Buns sure do keep us on our toes! You could try putting something around the outside of the cage like chicken wire. You could attach it with some zip ties. Pieces of cardboard might even work. They could be replaced as she chews them.
 
hah! reminds me of the time when Nala started escaping and I was utterly baffled as to how she was getting out of a four foot tall pen until I caught her mid-escape the third time - something about the corner where the 4' playpen was attached to the corner of their NIC condo was allowing her to CLIMB up the corner, where she would proceed to go over the top and drop four feet down to the ground! fortunately, I took a piece of foamboard that was sitting around and ziptied it to the top of that playpen panel so she wouldn't be able to climb once she got about halfway up and that put a stop to it.

the good news is that it shouldn't be long before she can move back into the kennel - they grow SO fast at that age!

at 9 weeks old, I used my fingers to measure the width of Nala's head and held them up to a NIC grid and concluded that her head wouldn't fit through one of the holes, so I built a 1-grid-tall pen around their dinky store-bought cage for them to play in. they showed absolutely NO interest in trying to jump/climb over the short pen at their young age and tiny size, so I didn't think anything of wandering off for a nap with their cage door still open ><

an hour or two later, I was jolted out of a sound sleep by odd noises coming from the living room - frantic shuffling of bunny feet on tarp.
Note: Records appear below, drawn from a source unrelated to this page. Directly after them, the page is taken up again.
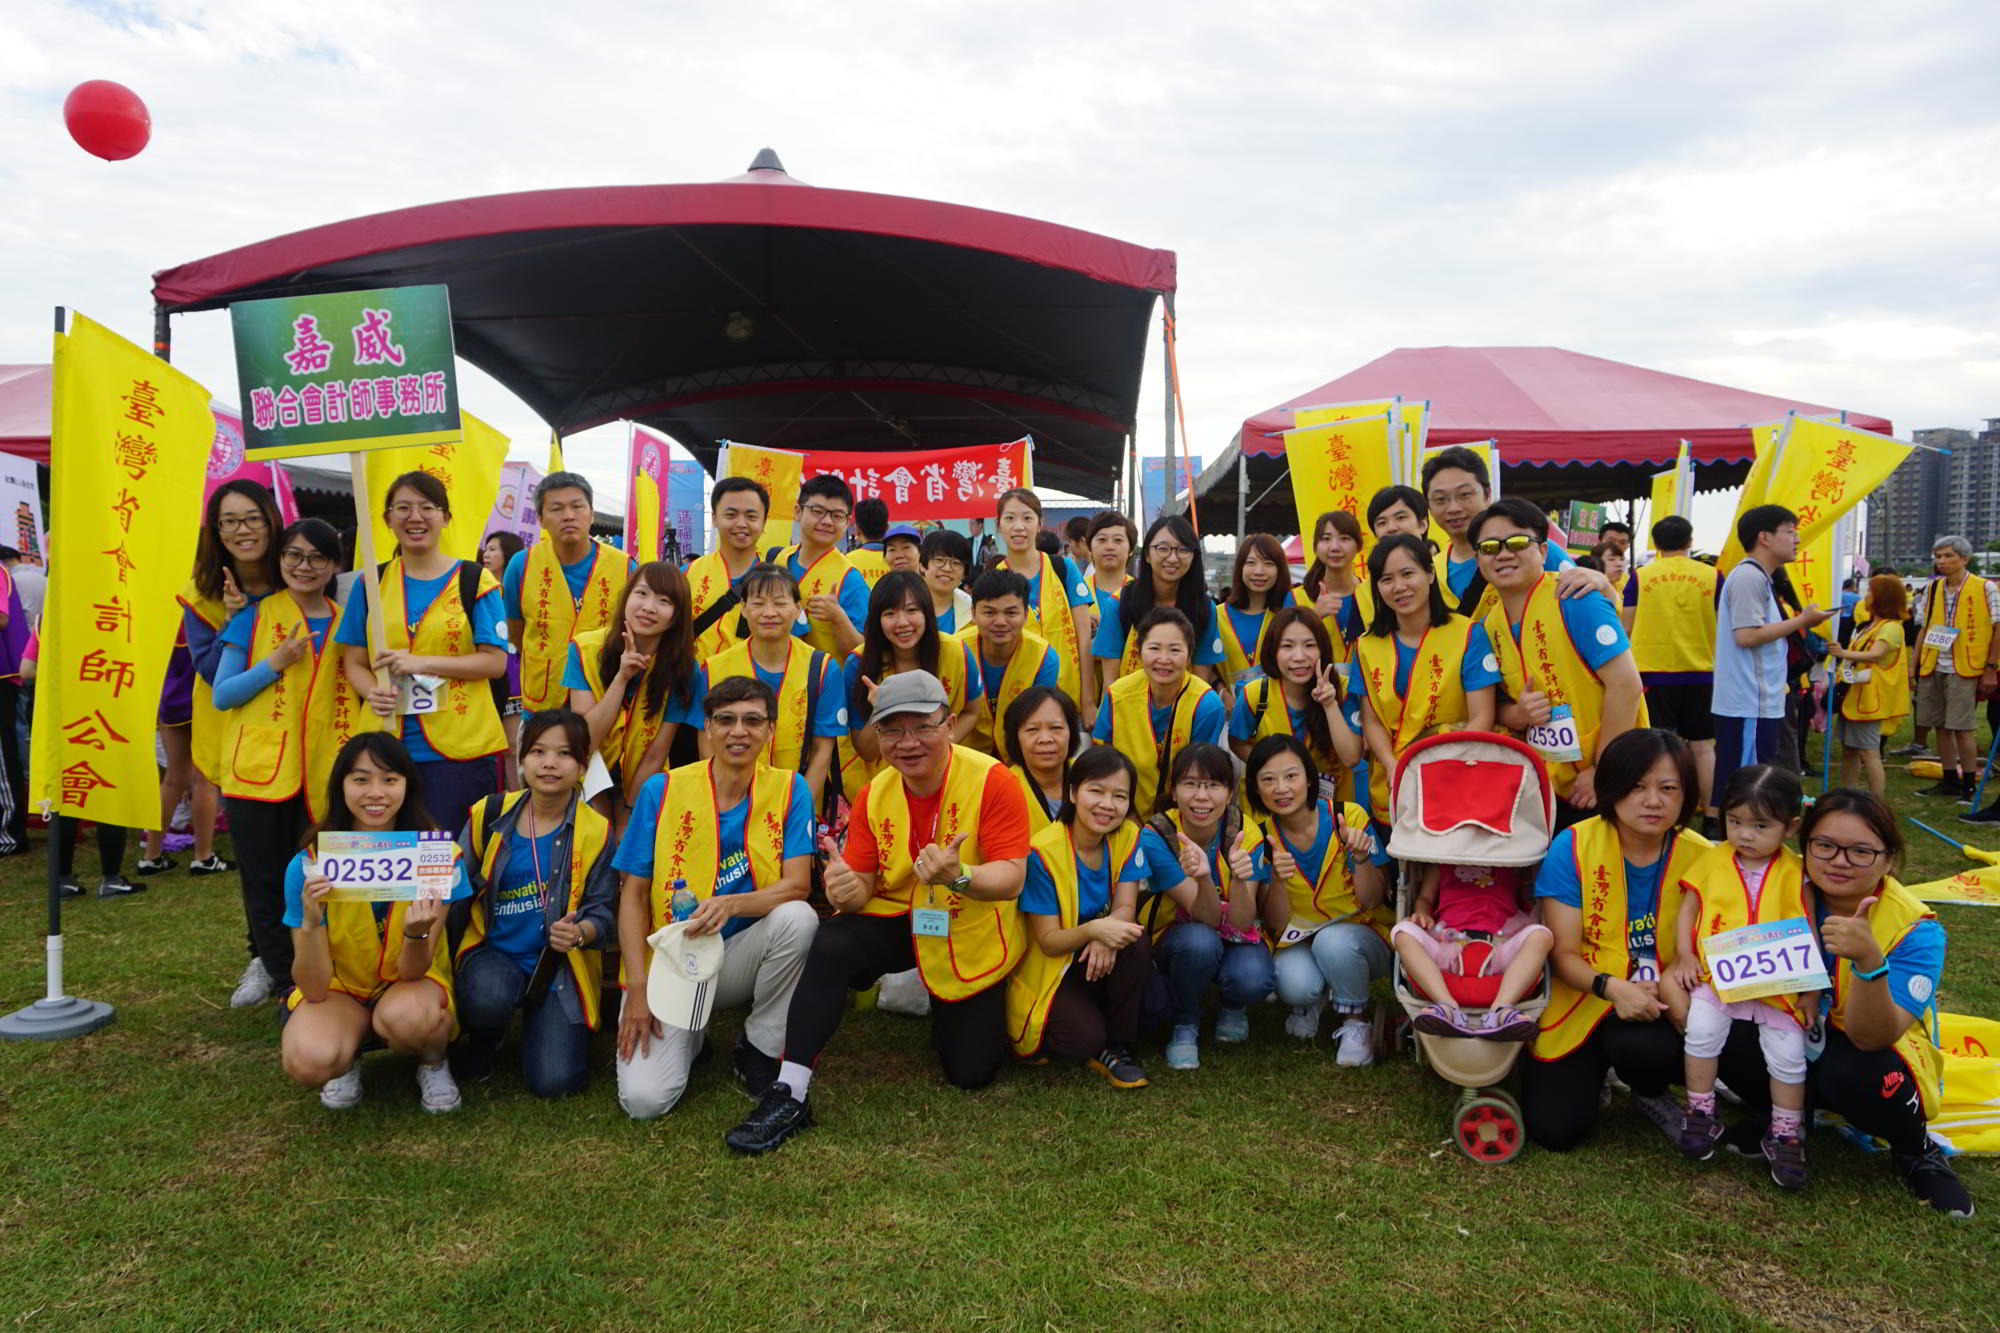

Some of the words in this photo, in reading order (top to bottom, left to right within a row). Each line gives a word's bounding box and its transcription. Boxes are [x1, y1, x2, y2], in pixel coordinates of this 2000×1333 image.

[285, 309, 404, 375] 嘉威
[251, 371, 446, 430] 聯合會計師事務所
[61, 379, 165, 808] 臺灣省會計師公會
[324, 858, 413, 882] 02532
[420, 854, 451, 863] 02532
[1716, 944, 1811, 983] 02517
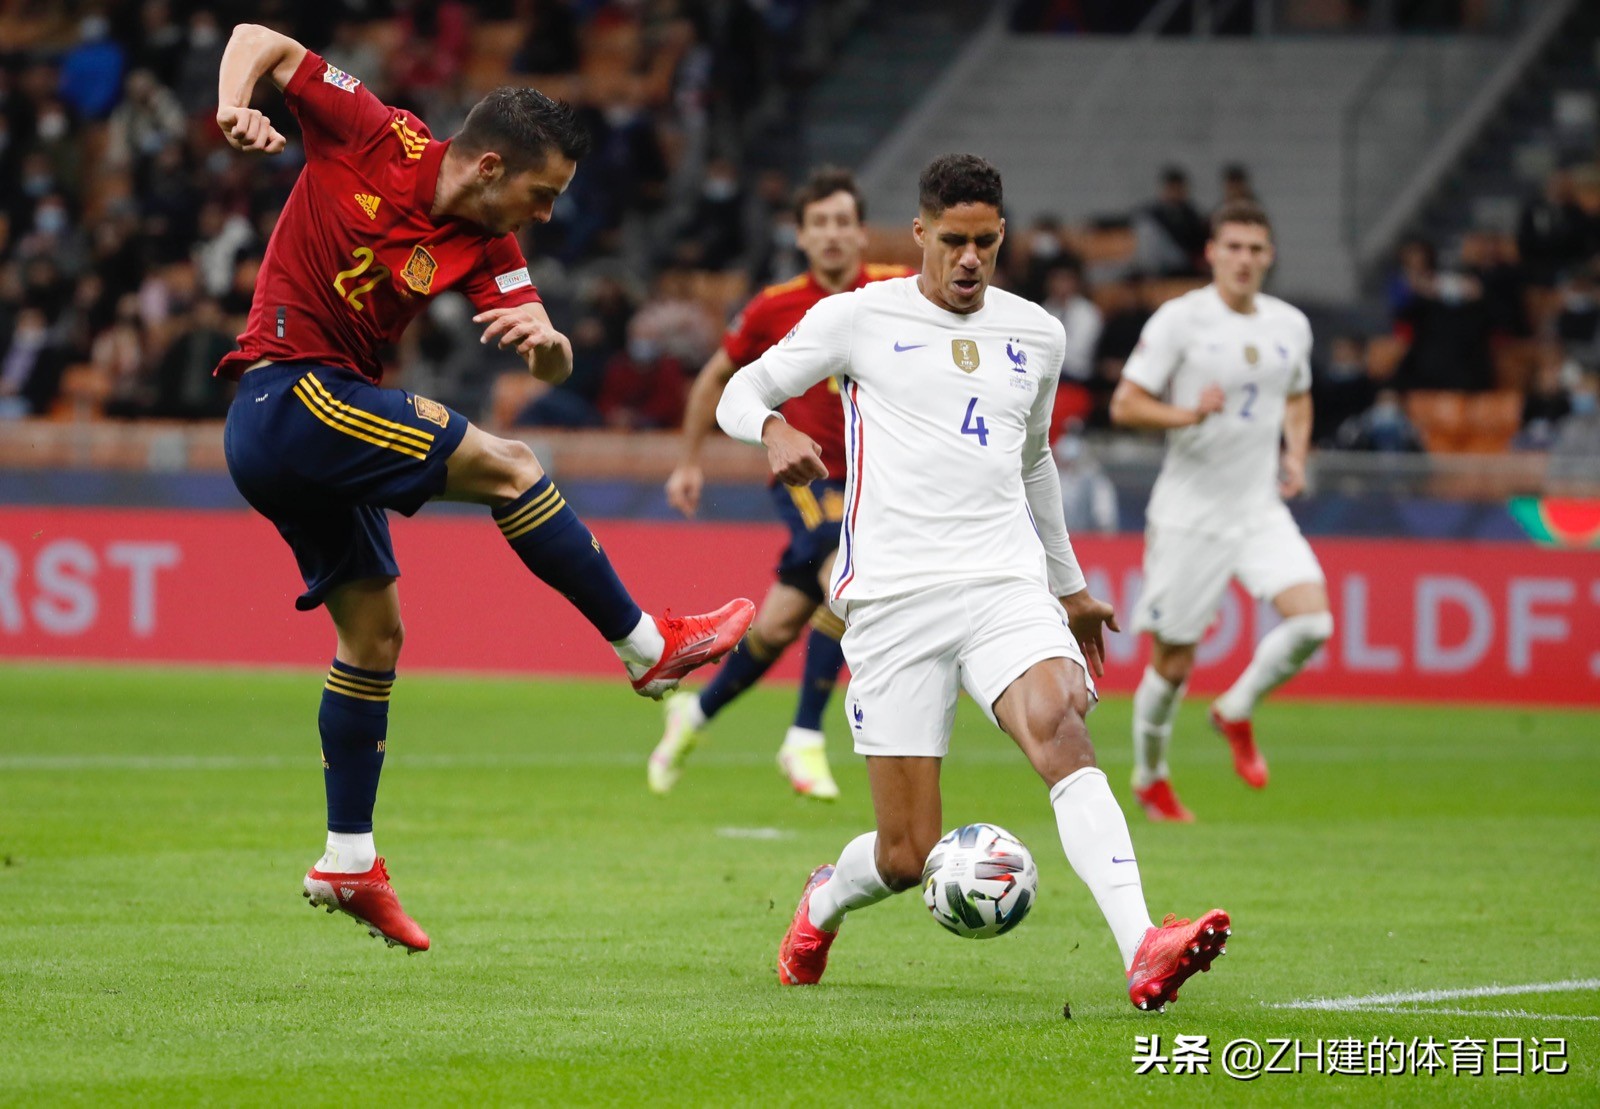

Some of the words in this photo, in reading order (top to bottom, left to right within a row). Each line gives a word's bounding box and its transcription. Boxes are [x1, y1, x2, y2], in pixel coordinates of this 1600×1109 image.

[354, 193, 376, 220] adidas
[333, 246, 390, 311] 22
[961, 397, 989, 446] 4
[1240, 383, 1258, 418] 2
I was out of bed and in the living room SO freaking fast because I just KNEW that something was really, horribly wrong.

Nala had not only escaped from the little pen, she had tried to get back in it by shoving her head through the grid!! she was freaking out; I was freaking out... I went over and pet her and - thank god - me being there and reassuring her got her to sit perfectly still (which alleviated my biggest fear, that she'd hurt herself while struggling). once I had her calm, the ordeal of how to get her head out of the grid began... and it ended at the neighbor's house at around 7:20 in the morning, a few minutes after I showed up holding a tiny baby bunny with a NIC grid around her neck and a frantic look on my face.

anyway, I think by 10 weeks she would've been ok with the NIC, as she'd grown quite a bit... I waited until 11 weeks to even let her near a NIC grid again, though, because I was so paranoid. after watching her try - and fail - numerous times to shove her face through the grid I was holding (I swear, that bunny's so smart and yet so dumb sometimes!), I was finally satisfied that she couldn't get stuck in it again.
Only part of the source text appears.